Tuesday, February 12, 2019

First in War, First in Peace, Master of 312 Enslaved People

I've been thinking about The Peculiar Institution, as American slavery was called.  I'm reading a book, Lives Bound Together, which I bought when I visited George Washington's home, Mount Vernon, in 2017.  The book was created for an exhibit at the museum at Mount Vernon on the lives of the enslaved people who lived there.

For me, the power of place is intense.  To visit the actual place where something happened, or the home of someone famous, to go to their gravesite -- these journeys inspire very deep feelings in me.  Suddenly the past becomes real.  This person  lived!  They did these particular things, which shape the world I live in now!  I feel it in a way that goes far beyond what I feel when I read a book or hear a lecture.

In July 2017, Carolyn was directing and I was performing HICK: A Love Story at 1st Stage Theatre in Virginia.  I had no particular interest in going to Mount Vernon, but our wonderful hostess Judy suggested a visit.  And it is a Baum family tradition to go wherever there is to go when one travels.  When one visits Yellowstone, one goes on the morning ranger walk, even if it's snowing!  Surely, when one is in Virginia, one does not refuse an invitation to visit the home of The Father of Our Country, a man whose name graces countless elementary schools across the land -- not to mention the nation's capitol and a whole goddam state.

The Father of Our Country.  It's not a description. It's Washington's title so I must use caps.  I can still feel my seven-year-old awe and gratitude at the greatness of this man.  This man who lived a very opulent lifestyle, thanks to the efforts of 312 enslaved workers.

Perhaps that childish awe combined with my horror at the reality of Mount Vernon to put me in an altered state.  I truly felt that I couldn't breathe the whole time I was there.  Because Mount Vernon is all about slavery.  How could it NOT be, when 312 of the people  who lived there were the property of two of the people?     I am very grateful to the Mount Vernon Ladies' Association, who created the exhibit and the book, for facing the terrible reality of life there.
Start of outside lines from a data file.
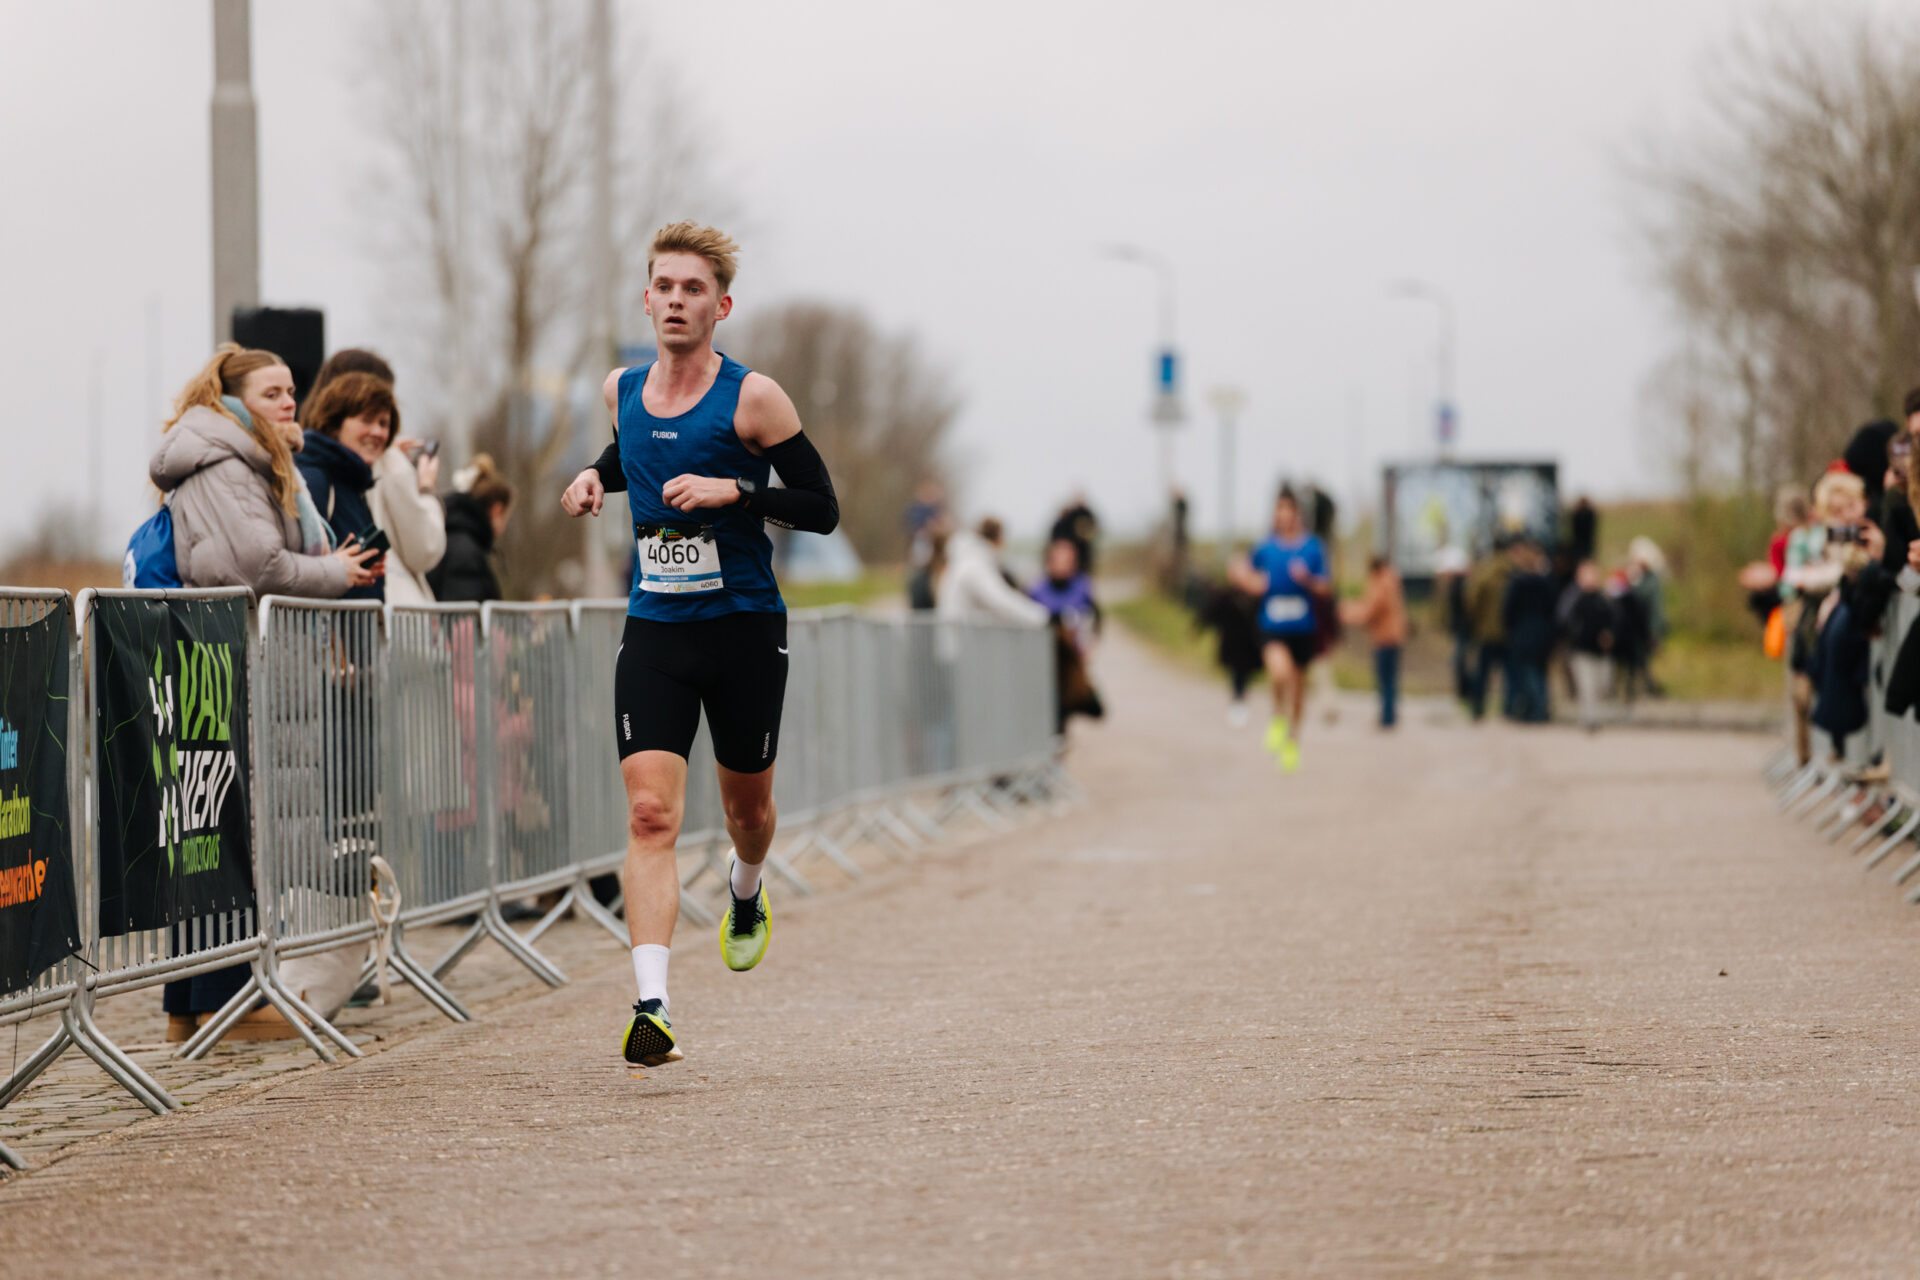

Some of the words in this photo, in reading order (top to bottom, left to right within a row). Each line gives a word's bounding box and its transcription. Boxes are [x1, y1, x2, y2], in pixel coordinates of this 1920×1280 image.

[652, 430, 678, 440] FUSION
[647, 544, 700, 564] 4060
[660, 566, 685, 574] Joakim
[701, 580, 719, 588] 4060
[622, 713, 632, 740] FUSION
[0, 717, 19, 771] inter
[0, 783, 31, 840] arathon
[0, 847, 50, 908] eeuwarde
Please note the significant change in language:  Not "slave" but "enslaved worker" or "enslaved person."  This change of wording is crucial.  When I call someone a "slave," I am saying that the entire identity of this person can be subsumed in that one word.  It implies that there is something inherent in the person that is "slave."  But "enslaved worker"  forces me to remember that SOMEBODY put this person into slavery, that this person is a human being who works like almost all other  human beings who are not very young, very old or very ill.
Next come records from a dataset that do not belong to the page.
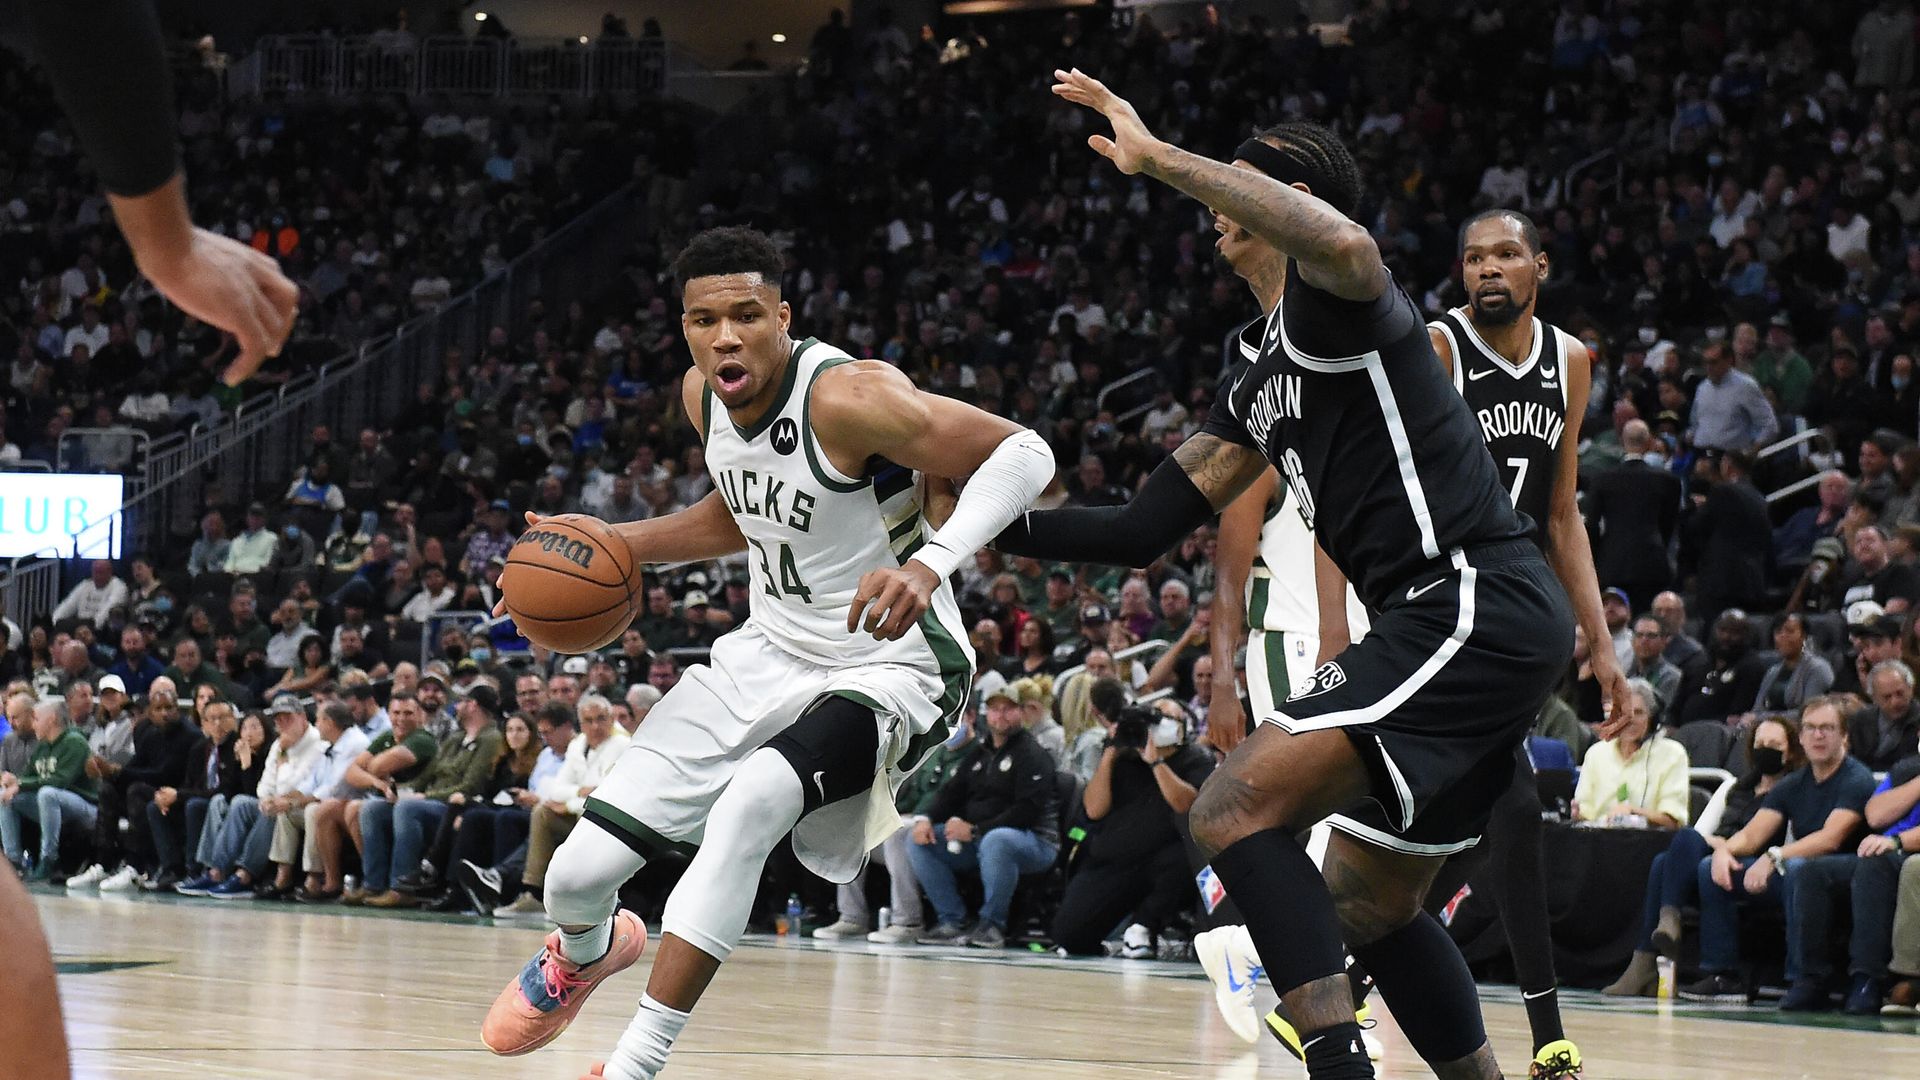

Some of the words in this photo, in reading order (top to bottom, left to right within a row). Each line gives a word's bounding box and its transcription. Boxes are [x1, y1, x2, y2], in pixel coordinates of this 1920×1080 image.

[1246, 373, 1302, 461] ROOKLYN
[1477, 400, 1565, 450] ROOKLYN
[1507, 457, 1529, 509] 7
[516, 530, 594, 568] Wilson
[747, 536, 812, 604] 34
At Mount Vernon, I was somehow out of my body, holding my breath, wide-eyed devouring everything, trying to take it in, take it in, that The Father of MY Country lived off enslaved workers.  I remember so much, so vividly -- the cemetery for enslaved people, the tiny cabins, the jarringly bright colors of the walls in the mansion.  But I only took one photo.

The INTIMACY of slavery took my breath away.   The Father of Our Country lived in a black community.   His valet was his trusted companion.  His wife's most constant companion was her maid.  When they were in their gracious home, everywhere they looked there were black people.  Poor ones.    So Washington created his own ghetto!  Talk about peculiar!

And these black people, who did not control their own bodies, did everything they could to build full lives with their families and community in their free time.  And they did everything they could to undermine their enslavement.   They stole food when they were hungry, they sabotaged their work.  A very high rate of broken tools down on the old plantation.  And ultimately some of them  ran away.  When they did escape, The Father of Our Country put ads in the papers offering rewards for their return.  And when one escapee was captured, The Father of Our Country punished him by selling him to a slave trader who took him to the Caribbean, where conditions were known to be far more brutal.

T-FOOC  (abbreviation for "The Father of our Country") KNEW what he was doing was evil.   We know from his  journals that it TORTURED him to own all those human beings.  In fact, of the eight Presidents who held humans as property, T-FOOC is the only one to free them in his will.  But still, while he was alive, he sure did enjoy that gorgeous custom-made carriage shipped all the way from England.  And how to pay the bill, if not from the profits flowing from enslaved workers?

Is someone who knows that slavery is evil but can't give it up even MORE repugnant than someone who believes that slavery is part of the Divine Order?

Moral complexity is very challenging.  That's one of the great attractions of Trump -- No moral complexity there!  He's just totally evil.  It's kinda relaxing. 

How do we embrace the moral complexity of George Washington?  He did win the Revolutionary War.  He famously refused to be crowned king, when it was offered.  I'm grateful to him for these things.  Our past and our present are filled with moral complexity and I really don't know how to handle it.  I do see that our country is still poisoned by the legacy of slavery.  For me, it is imperative to keep reading and thinking, to try to understand what was done and what can/might be done now.

Even if it makes it difficult for me to breathe.